#### Task prompt:
With nothing omitted, transcribe the entries exactly as written.

#### Dataset extract:
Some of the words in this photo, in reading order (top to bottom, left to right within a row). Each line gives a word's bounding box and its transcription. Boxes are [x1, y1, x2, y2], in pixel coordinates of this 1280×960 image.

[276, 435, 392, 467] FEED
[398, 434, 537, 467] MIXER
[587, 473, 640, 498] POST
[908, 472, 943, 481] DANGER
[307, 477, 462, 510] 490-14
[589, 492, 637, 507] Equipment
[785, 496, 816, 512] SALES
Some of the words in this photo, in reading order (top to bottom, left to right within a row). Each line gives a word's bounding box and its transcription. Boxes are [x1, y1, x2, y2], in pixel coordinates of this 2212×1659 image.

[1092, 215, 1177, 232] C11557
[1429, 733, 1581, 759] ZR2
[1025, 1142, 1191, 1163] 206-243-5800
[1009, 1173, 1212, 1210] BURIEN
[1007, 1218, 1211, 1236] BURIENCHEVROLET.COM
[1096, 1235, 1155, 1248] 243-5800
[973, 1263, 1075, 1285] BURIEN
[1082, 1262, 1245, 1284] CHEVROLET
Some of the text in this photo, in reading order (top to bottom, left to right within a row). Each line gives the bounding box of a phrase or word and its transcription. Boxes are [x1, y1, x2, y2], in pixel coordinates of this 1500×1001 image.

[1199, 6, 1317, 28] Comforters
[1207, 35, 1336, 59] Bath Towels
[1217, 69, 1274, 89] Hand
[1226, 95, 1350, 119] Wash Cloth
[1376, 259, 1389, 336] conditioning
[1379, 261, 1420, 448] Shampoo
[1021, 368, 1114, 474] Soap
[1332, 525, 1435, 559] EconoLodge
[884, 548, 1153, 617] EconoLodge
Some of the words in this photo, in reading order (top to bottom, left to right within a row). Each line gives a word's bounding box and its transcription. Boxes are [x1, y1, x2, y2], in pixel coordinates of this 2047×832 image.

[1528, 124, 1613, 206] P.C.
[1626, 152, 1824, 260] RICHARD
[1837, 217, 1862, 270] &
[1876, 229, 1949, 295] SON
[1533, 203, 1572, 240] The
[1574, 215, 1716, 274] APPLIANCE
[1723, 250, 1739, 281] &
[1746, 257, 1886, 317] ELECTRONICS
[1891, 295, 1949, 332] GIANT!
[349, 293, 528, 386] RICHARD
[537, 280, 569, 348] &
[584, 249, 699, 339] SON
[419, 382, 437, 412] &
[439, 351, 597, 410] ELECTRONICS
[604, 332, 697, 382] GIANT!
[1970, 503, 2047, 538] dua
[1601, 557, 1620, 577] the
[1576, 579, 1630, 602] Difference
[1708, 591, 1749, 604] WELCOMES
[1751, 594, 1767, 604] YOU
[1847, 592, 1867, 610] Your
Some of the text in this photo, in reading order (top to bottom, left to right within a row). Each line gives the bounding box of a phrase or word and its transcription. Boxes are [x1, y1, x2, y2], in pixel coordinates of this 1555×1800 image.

#### Solution to the problem:
Some of the words in this photo, in reading order (top to bottom, left to right within a row). Each line gives a word's bounding box and its transcription. Boxes are [x1, y1, x2, y2], in pixel coordinates of this 1280×960 image.

[276, 435, 392, 467] FEED
[398, 434, 537, 467] MIXER
[587, 473, 640, 498] POST
[908, 472, 943, 481] DANGER
[307, 477, 462, 510] 490-14
[589, 492, 637, 507] Equipment
[785, 496, 816, 512] SALES
Some of the words in this photo, in reading order (top to bottom, left to right within a row). Each line gives a word's bounding box and its transcription. Boxes are [x1, y1, x2, y2], in pixel coordinates of this 2212×1659 image.

[1092, 215, 1177, 232] C11557
[1429, 733, 1581, 759] ZR2
[1025, 1142, 1191, 1163] 206-243-5800
[1009, 1173, 1212, 1210] BURIEN
[1007, 1218, 1211, 1236] BURIENCHEVROLET.COM
[1096, 1235, 1155, 1248] 243-5800
[973, 1263, 1075, 1285] BURIEN
[1082, 1262, 1245, 1284] CHEVROLET
Some of the text in this photo, in reading order (top to bottom, left to right within a row). Each line gives the bounding box of a phrase or word and its transcription. Boxes are [x1, y1, x2, y2], in pixel coordinates of this 1500×1001 image.

[1199, 6, 1317, 28] Comforters
[1207, 35, 1336, 59] Bath Towels
[1217, 69, 1274, 89] Hand
[1226, 95, 1350, 119] Wash Cloth
[1376, 259, 1389, 336] conditioning
[1379, 261, 1420, 448] Shampoo
[1021, 368, 1114, 474] Soap
[1332, 525, 1435, 559] EconoLodge
[884, 548, 1153, 617] EconoLodge
Some of the words in this photo, in reading order (top to bottom, left to right within a row). Each line gives a word's bounding box and its transcription. Boxes are [x1, y1, x2, y2], in pixel coordinates of this 2047×832 image.

[1528, 124, 1613, 206] P.C.
[1626, 152, 1824, 260] RICHARD
[1837, 217, 1862, 270] &
[1876, 229, 1949, 295] SON
[1533, 203, 1572, 240] The
[1574, 215, 1716, 274] APPLIANCE
[1723, 250, 1739, 281] &
[1746, 257, 1886, 317] ELECTRONICS
[1891, 295, 1949, 332] GIANT!
[349, 293, 528, 386] RICHARD
[537, 280, 569, 348] &
[584, 249, 699, 339] SON
[419, 382, 437, 412] &
[439, 351, 597, 410] ELECTRONICS
[604, 332, 697, 382] GIANT!
[1970, 503, 2047, 538] dua
[1601, 557, 1620, 577] the
[1576, 579, 1630, 602] Difference
[1708, 591, 1749, 604] WELCOMES
[1751, 594, 1767, 604] YOU
[1847, 592, 1867, 610] Your
Some of the text in this photo, in reading order (top to bottom, left to right within a row). Each line gives the bounding box of a phrase or word and its transcription. Boxes are [x1, y1, x2, y2], in pixel coordinates of this 1555×1800 image.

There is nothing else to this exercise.